Pulmonary function tests are presented as % predicted (SD), and clinical scores (except Rodnan) are presented as %. See Table 1 legend for expansion of abbreviations.

GERD, PPI, Angiotensin-Converting Enzyme Inhibitor, and Angiotensin Receptor Blocker Use

At baseline, approximately one-half of the study participants (n = 80 [51%]) reported GERD symptoms. There was no significant difference between patients with or without cough who also reported GERD (Table 1), but most patients with GERD reported cough (62 of 80 [71%]) vs no cough (18 of 80 [29%]). In patients with GERD, a similar percentage of PPI use was observed between patients with cough (55%) and those without cough (52%) (Fig 2). All six patients with severe cough had GERD. No significant correlation was found between the presence of GERD and cough severity or frequency or phlegm production. During the study, 33 adverse events related to GERD, heartburn, or reflux symptoms occurred in 24 patients, seven of whom did not have GERD noted in the initial medical history or in GI conditions. Changes in cough severity or frequency and phlegm production were not significantly different at 12 and 18 months whether there was GERD at baseline or whether new GERD developed during the study (e-Table 4). There was no association between subjects taking angiotensin-converting enzyme inhibitor or angiotensin receptor blocker agents and cough (e-Table 5).

Figure 2.

Figure 2.

Percentage of patients without cough and those with cough who had a clinical/endoscopic diagnosis of GERD and used PPI. GERD = gastroesophageal reflux disease; PPI = proton pump inhibitor.

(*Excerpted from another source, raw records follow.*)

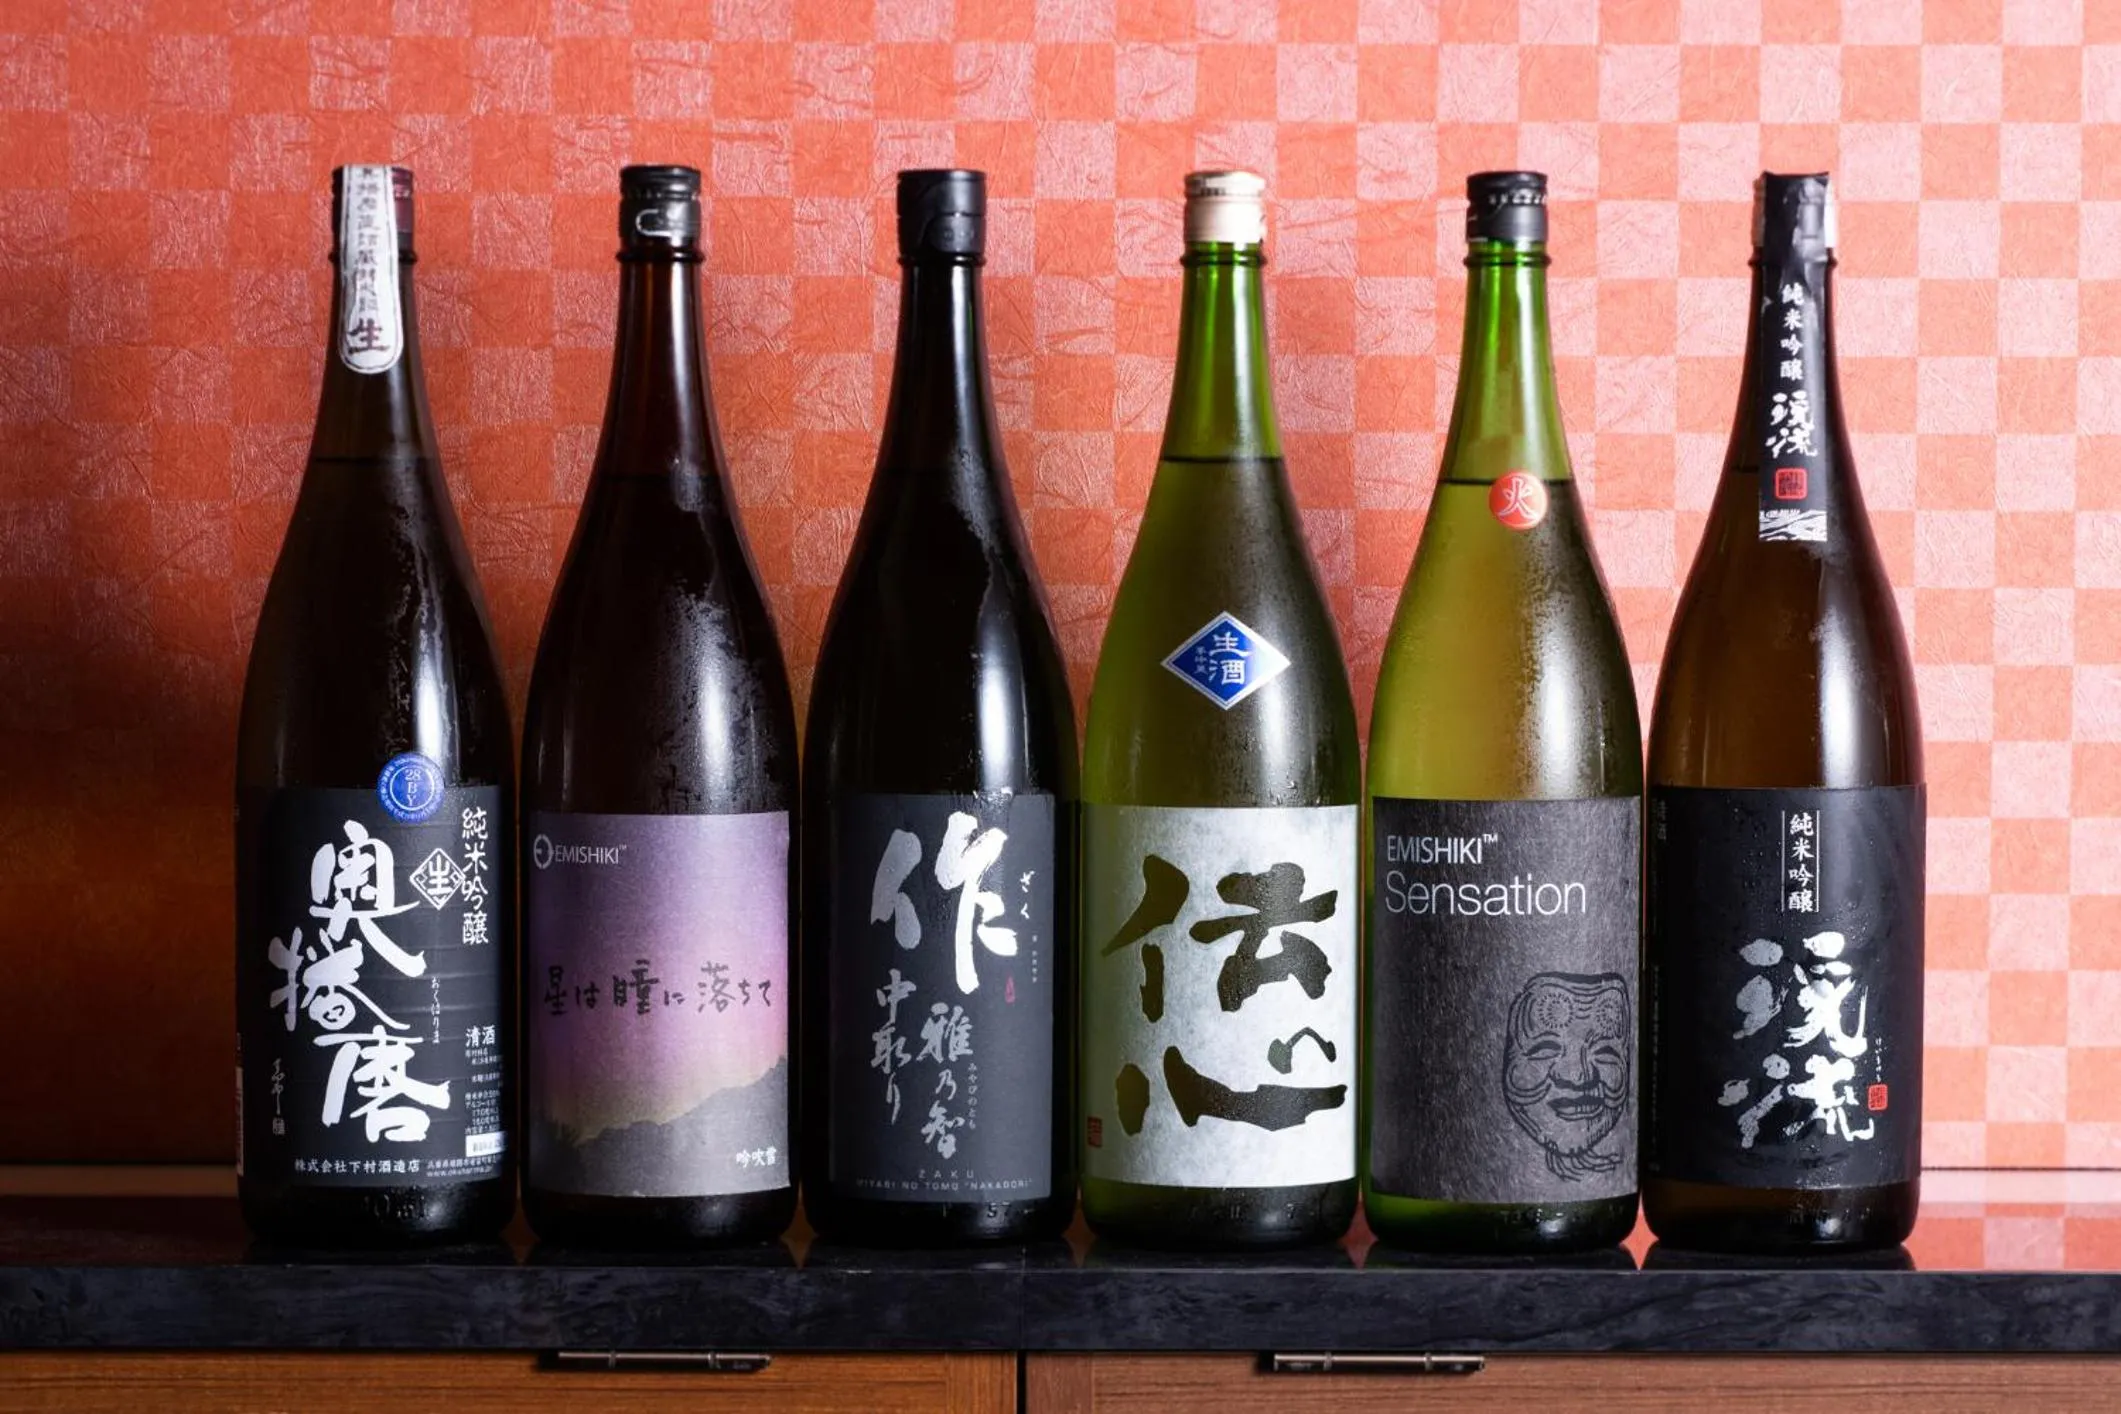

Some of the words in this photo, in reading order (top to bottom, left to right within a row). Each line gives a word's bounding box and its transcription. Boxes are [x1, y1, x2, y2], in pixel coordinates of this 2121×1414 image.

[347, 318, 390, 354] 生
[1779, 281, 1804, 381] 純米吟醸
[1497, 476, 1539, 520] 火
[1208, 631, 1253, 685] 生酒
[426, 853, 454, 897] 生
[461, 805, 490, 946] 純米吟醸
[1385, 869, 1587, 917] Sensation
[1788, 812, 1815, 913] 純米吟醸
[870, 811, 1018, 995] 作
[1019, 870, 1036, 920] ざく
[268, 819, 451, 1143] 奥播磨
[430, 975, 441, 1044] おくはりま
[1101, 854, 1348, 1137] 伝心
[465, 1024, 496, 1048] 清酒
[870, 968, 917, 1125] 中取り
[916, 1001, 974, 1160] 雅乃智
[967, 1061, 978, 1130] みやびのとも
[735, 1145, 777, 1169] 吟吹雪
[901, 1180, 919, 1191] NO
[925, 1181, 960, 1192] TOMO
[918, 1168, 975, 1180] ZAKU
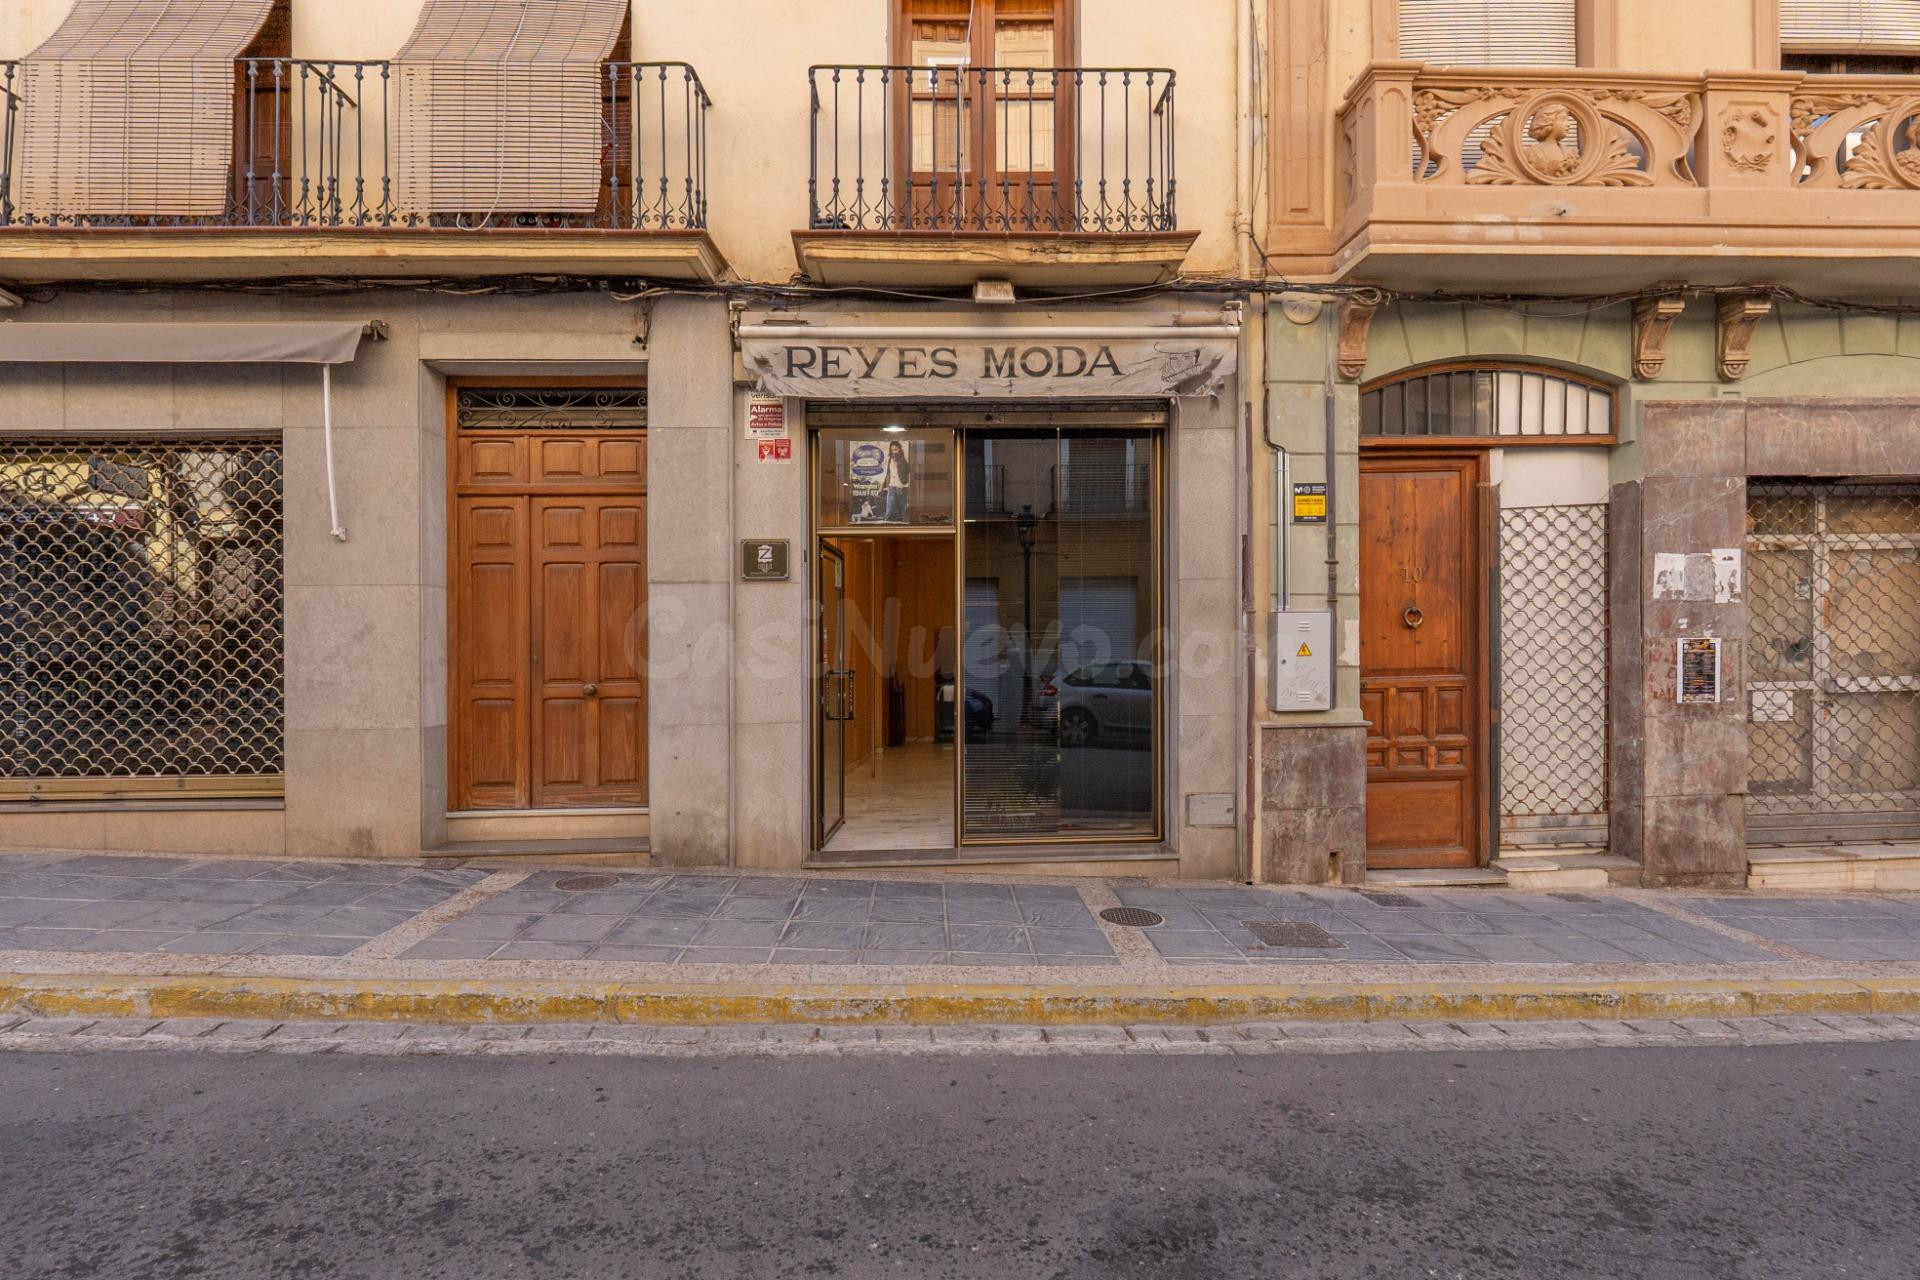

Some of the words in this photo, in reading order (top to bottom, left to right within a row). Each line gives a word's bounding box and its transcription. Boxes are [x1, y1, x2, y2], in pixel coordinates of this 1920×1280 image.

[783, 346, 958, 379] REYES
[979, 346, 1125, 379] MODA
[750, 405, 782, 413] Alarma
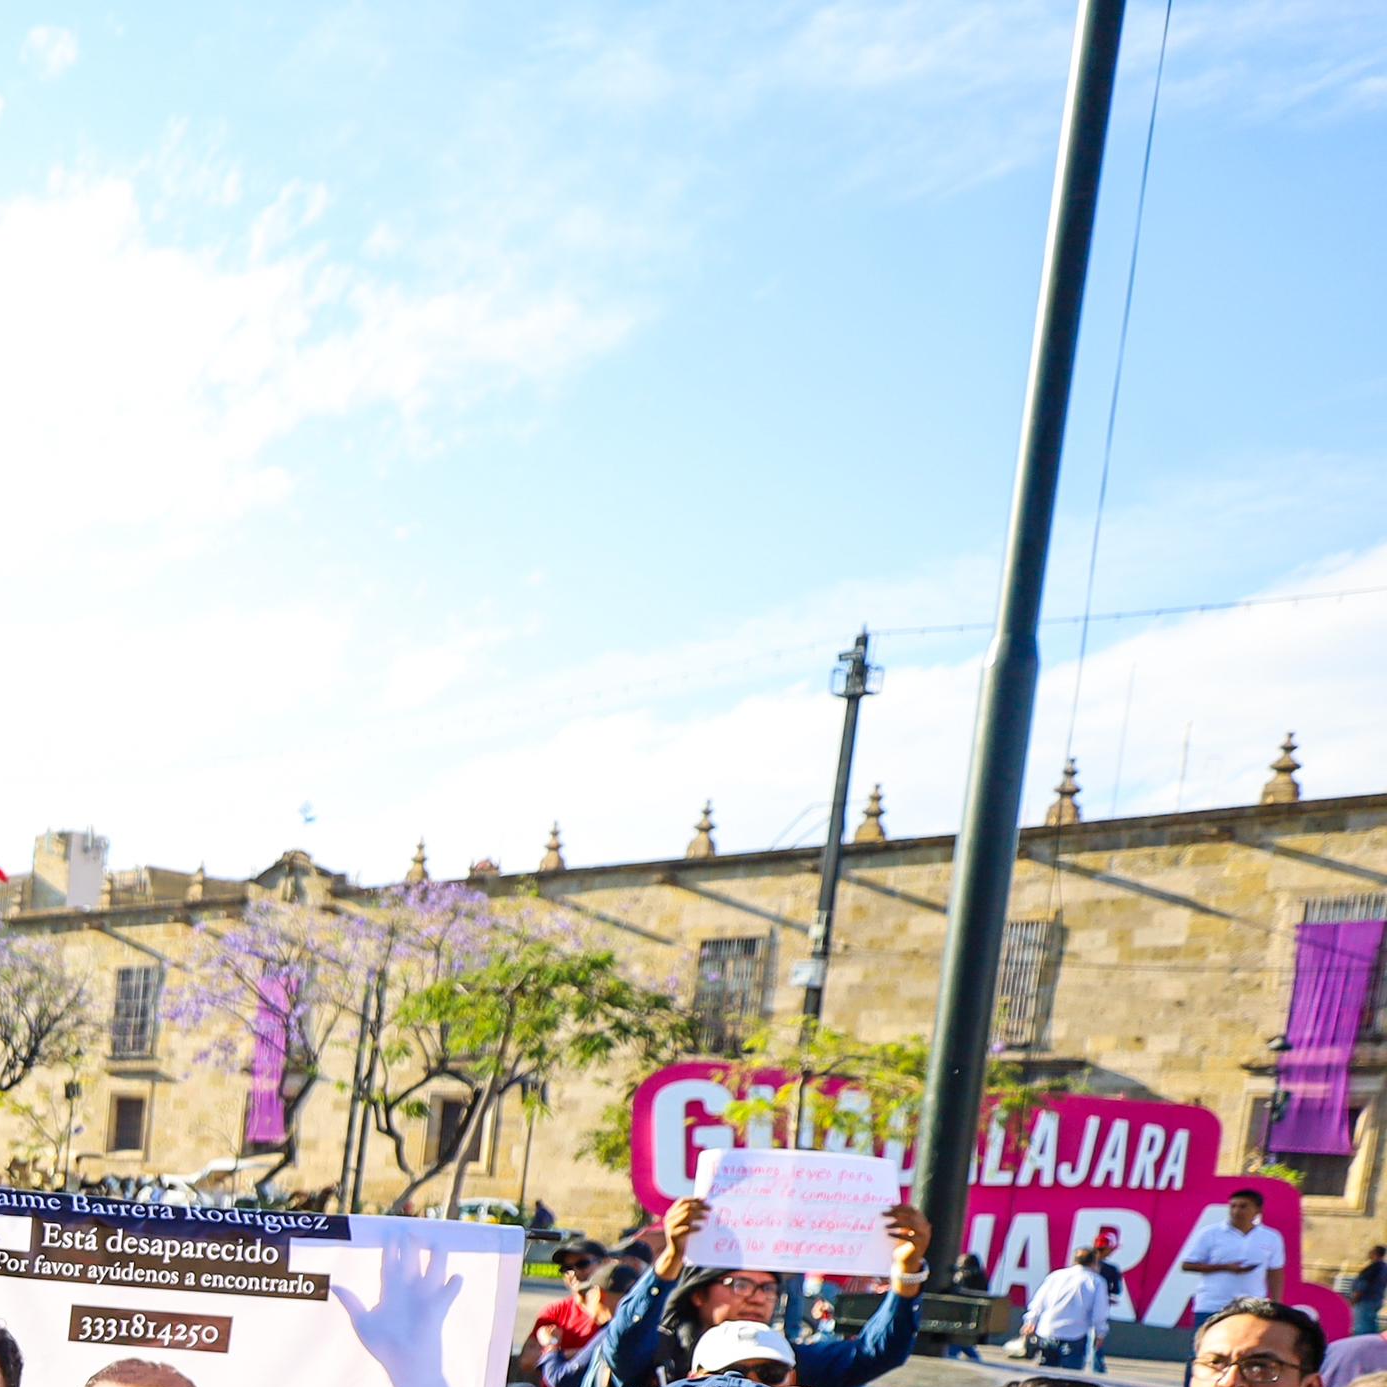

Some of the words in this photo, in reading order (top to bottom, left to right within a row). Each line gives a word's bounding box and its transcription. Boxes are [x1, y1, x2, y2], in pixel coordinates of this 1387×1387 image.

Effect of CYC Treatment on Cough

A similar proportion of patients randomized to CYC or PLA reported cough at baseline (Fig 3). The percentage of patients with cough decreased in the CYC group from 71% at baseline to 56% at 12 months, whereas the percentage of patients in the PLA group with cough remained the same (68%) at both baseline and 12 months. This apparent treatment difference in the presence of cough was lost at 24 months when there was a larger percentage of subjects with cough in the CYC group compared with the PLA group. However, this difference is not statistically significant and likely represents a survivor effect of differential withdrawal between the two groups. Because the effect of CYC on FVC % predicted did not become apparent until at least 6 months, was maximal at 18 months, and diminished progressively from 18 to 24 months, we examined the effect of CYC on cough parameters between 6 and 18 months. In analyses of unadjusted data, no significant difference in the average cough severity score was observed between the CYC group and the PLA group (Fig 4A). On the other hand, from 6 to 18 months, cough frequency tended to decrease in the CYC group compared with the PLA group (Fig 4B). Phlegm production over 6 to 18 months was not affected by treatment with CYC (Fig 4C). Baseline characteristics did not differ between patients who never had cough and those whose cough resolved or who continued to have cough in either treatment group at either 12 or 24 months.

Figure 3.

Figure 3.

Time course of the presence of cough in the CYC and PLA groups determined from the time double-blind treatment was begun (time 0) through completion of treatment (12 months) and study completion (24 months [12 months after discontinuation of study medication]). CYC = cyclophosphamide; PLA = placebo.

Figure 4.

Figure 4.

A, Comparison of scores between 6 and 18 months by treatment group (patients treated with CYC compared with those treated with PLA) indicates no significant difference in cough severity (0.87 ± 0.66 vs 1.04 ± 0.67, P = .15, Wilcoxon rank sum test); a nearly significant decrease in cough frequency (0.83 ± 0.67 vs 1.04 ± 0.69, P = .056, Wilcoxon rank sum test); and no significant treatment effect on phlegm production (1.10 ± 0.80 vs 1.32 ± 0.86, P = .12, Wilcoxon rank sum test). A, Average cough severity. B, Average cough frequency. C, Average phlegm production. See Figure 3 legend for expansion of abbreviations.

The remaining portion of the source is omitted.